*** SUPPLIED MATERIAL ***

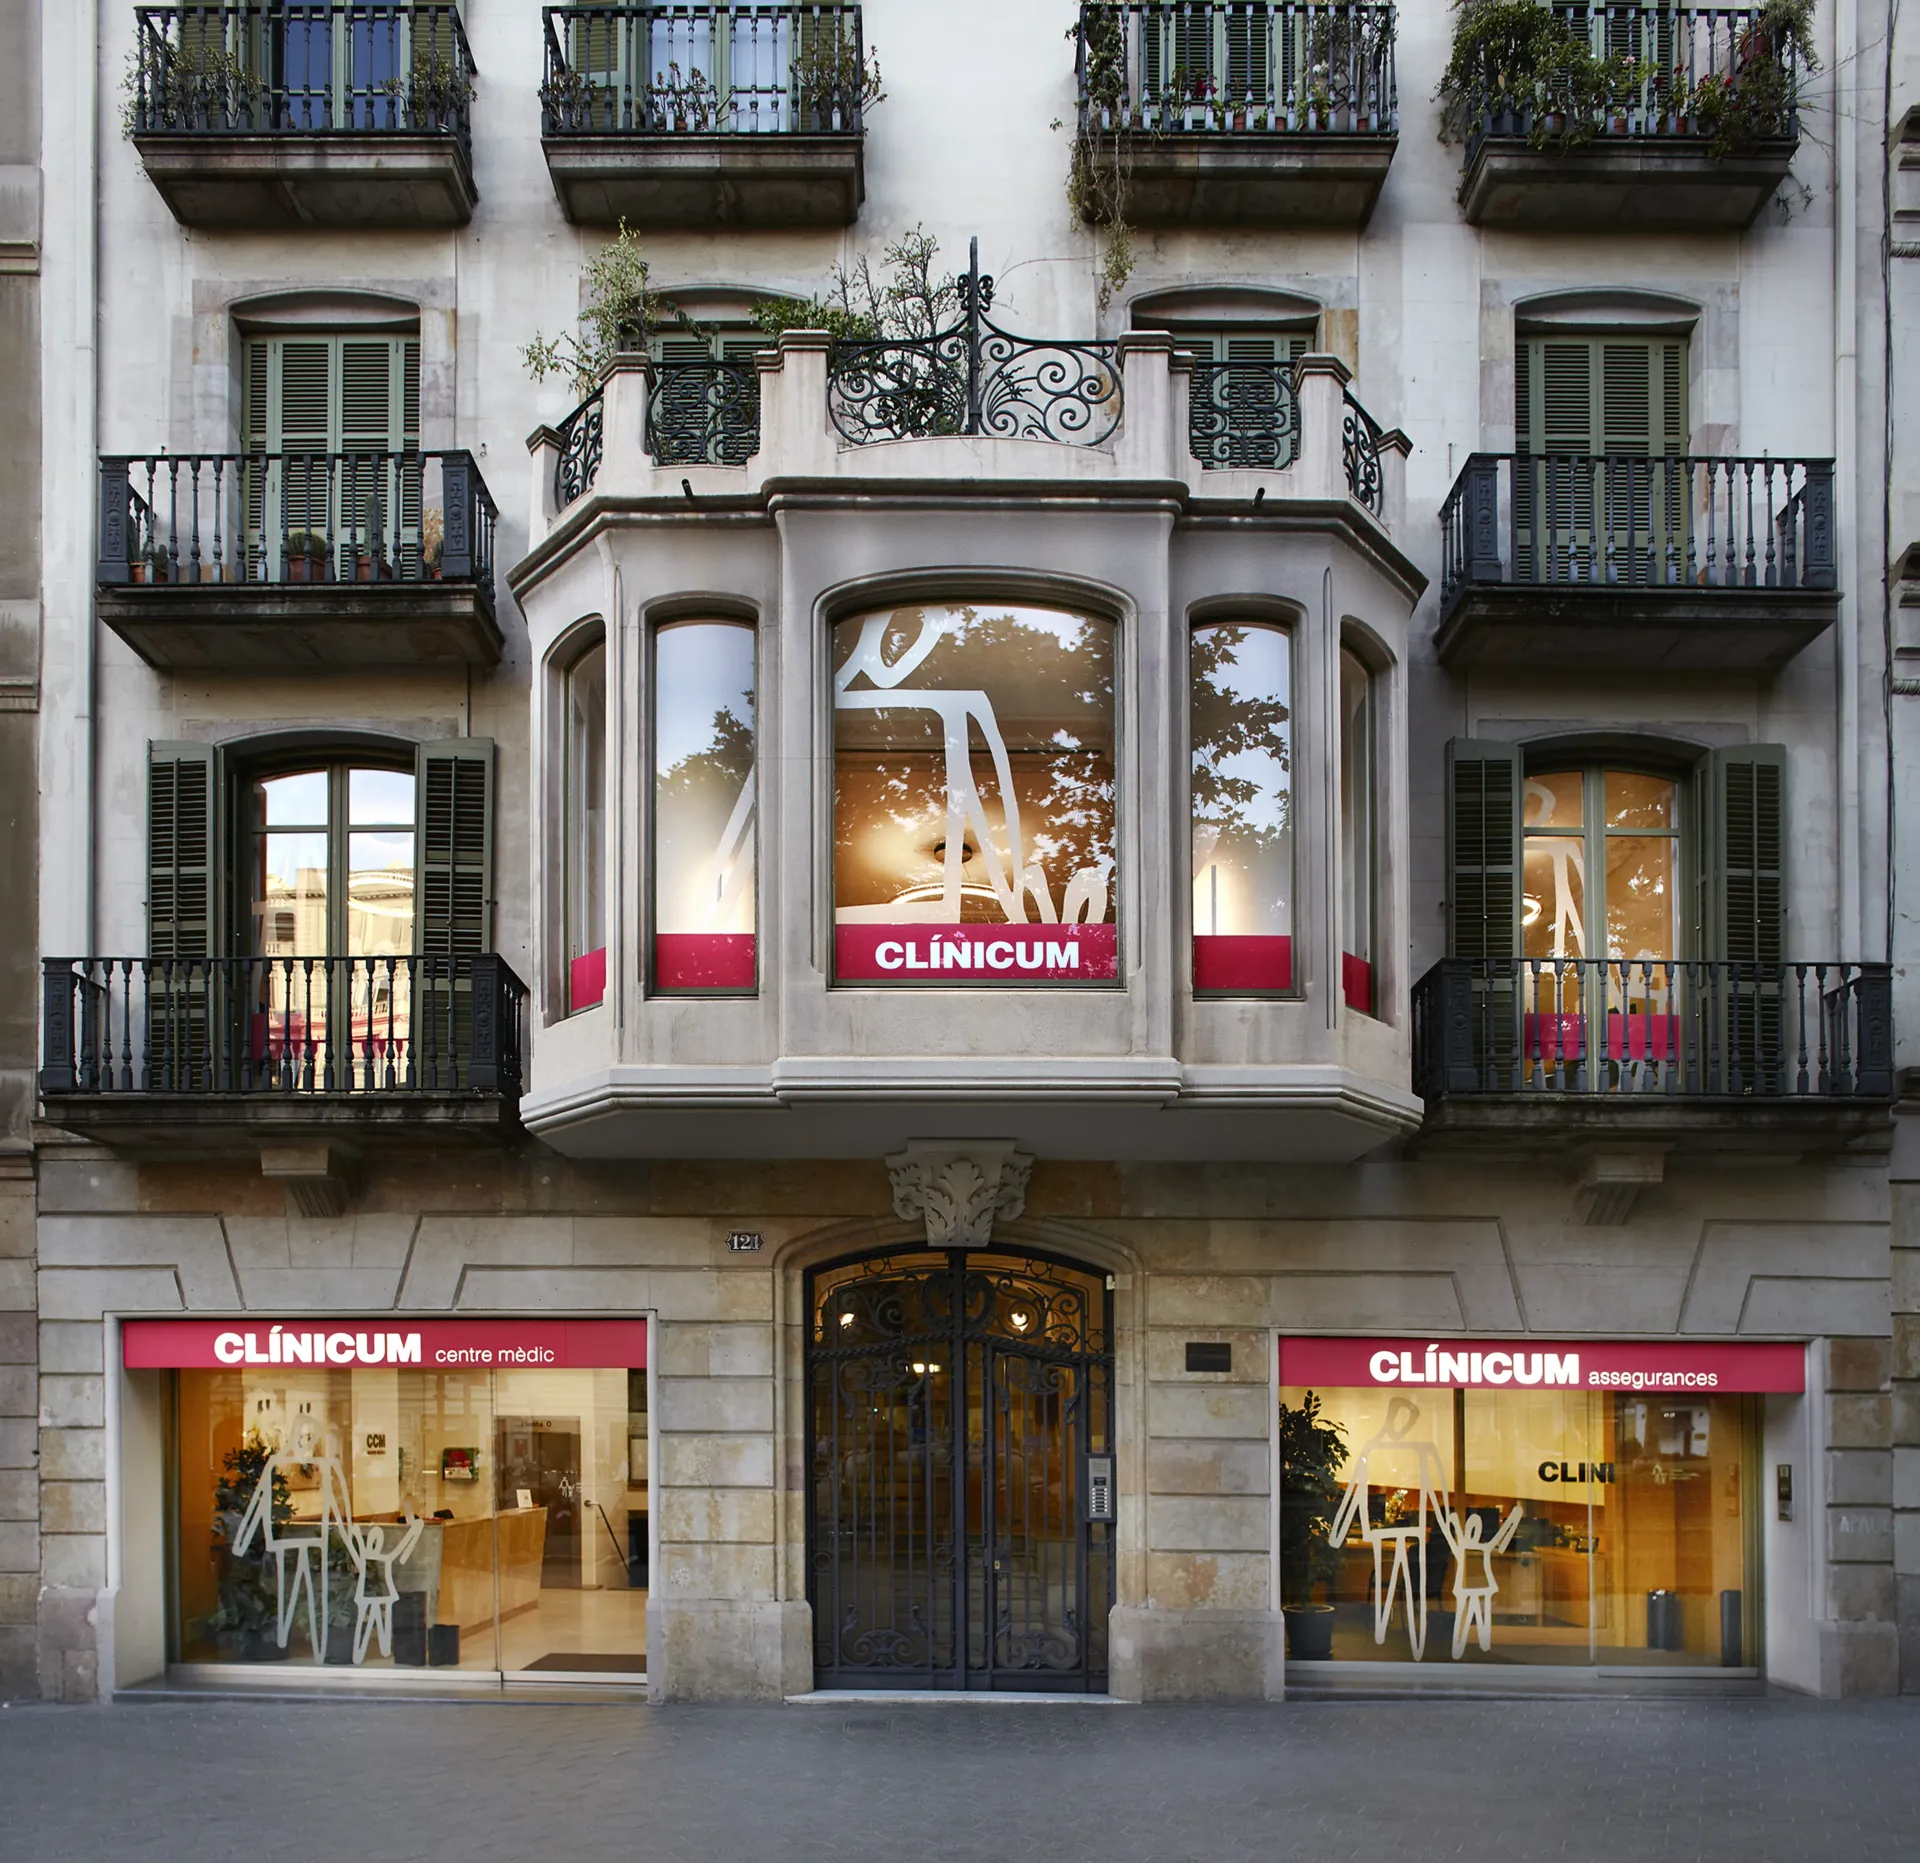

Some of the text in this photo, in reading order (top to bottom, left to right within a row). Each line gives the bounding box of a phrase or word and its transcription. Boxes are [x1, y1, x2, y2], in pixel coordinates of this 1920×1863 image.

[875, 934, 1079, 969] CLÍNICUM
[733, 1234, 760, 1250] 121
[214, 1325, 555, 1363] CLÍNICUM centre mèdic
[1369, 1344, 1718, 1389] CLÍNICUM assegurances

*** End of SUPPLIED MATERIAL ***

■ **YOUR TASK**
Once the pictures are set aside, repeat the data above exactly as written.

■ **ANSWER FOR THIS EXERCISE**
Some of the text in this photo, in reading order (top to bottom, left to right within a row). Each line gives the bounding box of a phrase or word and its transcription. Boxes are [x1, y1, x2, y2], in pixel coordinates of this 1920×1863 image.

[875, 934, 1079, 969] CLÍNICUM
[733, 1234, 760, 1250] 121
[214, 1325, 555, 1363] CLÍNICUM centre mèdic
[1369, 1344, 1718, 1389] CLÍNICUM assegurances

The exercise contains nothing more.